Settling Down and Fitting In
It aggravates Jared that I have a phone, but I never take it out of the house.
“Look,” I explain. “About four people have my number. Three of them are in the United States. The other one is you.”
I still haven’t adjusted to the fact that I’m entering a lifestyle where it’s normal not only to have a mobile phone, but to use it. Because at some point, I’m going to have to meet people. Make friends. Exchange numbers. Call them.
And it occurred to me that I haven’t had to do that in a long time.
One of the side effects of being an introverted temporary expat in a relationship (it’s a thing) is that if you aren’t motivated to meet anybody, you don’t really have to. The stimulation of your adopted home is often enough to keep you busy, along with your partner, job, phone calls home, and meetups arranged by other local expats.
Slowly, I’m embracing this return to ‘settled’ life in an English-speaking country, and doing things that might result in me talking to and befriending strangers. I’m signing up for a French class and joining the Hunter Writers Centre. This weekend, I attended two sessions as part of the Newcastle Writers’ Festival: one on memoir and one on travel.
The sessions were packed; who knew there were so many established writers, budding writers, and interested readers in Newcastle? All of these ready-made friends that I have something in common with?
Well, maybe we had something in common. I don’t really know because I didn’t talk to anybody. Except during the travel session, when my sunglasses fell off the back of my head and I said “Sorry” and “Thank you” to the woman behind me who retrieved them.
And I realized a really irritating fact that I haven’t been forced to remember in a long time:
I’m kind of shy.
When you’re on the road or working in a new country, it’s easy to come out of your shell. You have to. It’s a survival instinct, in a way. In places where you don’t speak the language or even stick out physically, you’re forced to interact. And you always have ready made conversation starters:
- Where are you from?
- Where have you been?
- Where are you going?
Not the most stimulating or creative questions, but they work.

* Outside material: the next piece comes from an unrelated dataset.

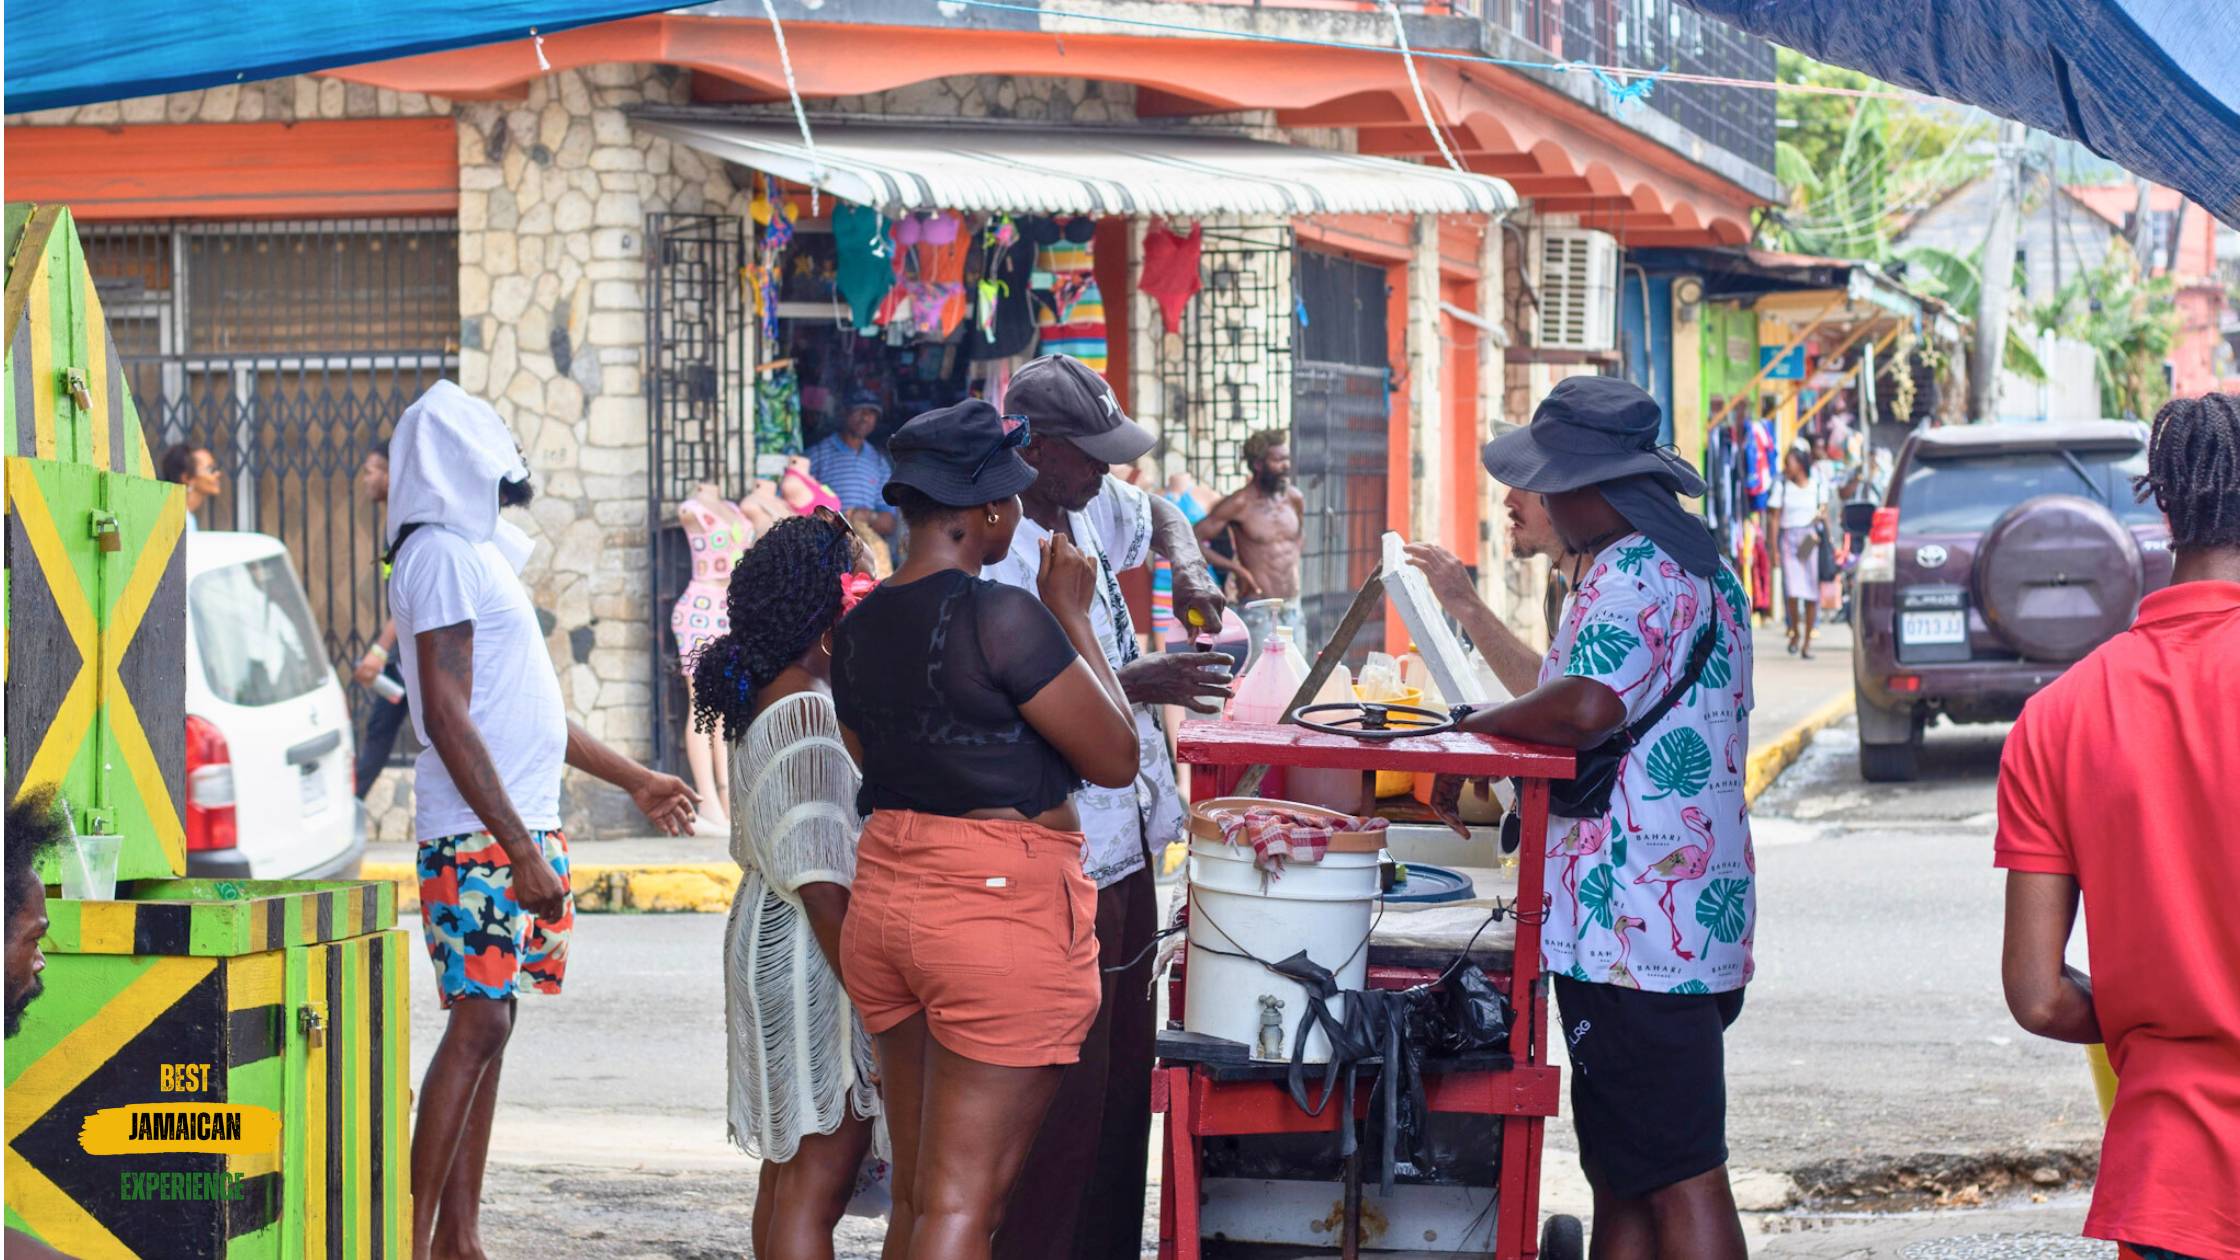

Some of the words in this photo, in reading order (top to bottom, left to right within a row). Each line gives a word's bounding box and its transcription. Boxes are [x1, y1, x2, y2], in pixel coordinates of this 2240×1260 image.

[1635, 833, 1681, 842] BAHARI
[1637, 965, 1682, 975] BAHARI
[1568, 1019, 1592, 1045] LRG

But in a crowded room full of other people who look like you and talk like you, it’s easy to blend. No one knows you’re foreign; no one will call you out for being different. And if you ask someone out of the blue where they’ve been and where they’re going, it’s weird.
When they asked if anyone had questions at the end of the sessions, I was transported straight back to school. You have questions, my inner voice said. Ask one of them. My heart pounded in my chest and faint beads of sweat developed at my hairline. I worked up the courage to raise my hand.
And then I didn’t.
“So, did you make any friends?” Jared asked, half-joking, when I returned from the writer’s festival.
“No,” I said. “Everyone was kind of old, actually.”
That’s right, it was the other people’s fault that I didn’t talk to them. How dare they be kind of old? (Which, by the way, wasn’t even true, nor is it relevant.)
I’ve lived in six countries, and traveled through many more. I’ve talked with strangers from all over the world, many of whom barely speak English. I’ve worked my way through more obnoxious jobs than I care to remember.
But all of a sudden, in a room full of people with whom I share a common language and interests, I go mute.
This is obviously something I’m going to need to work on. I’m thinking of using pop culture to craft my opening line. Maybe something like this:
So hey – I just met you, and this is crazy…But here’s my number, so call me, maybe?
I’ll be coming out of my shell in no time.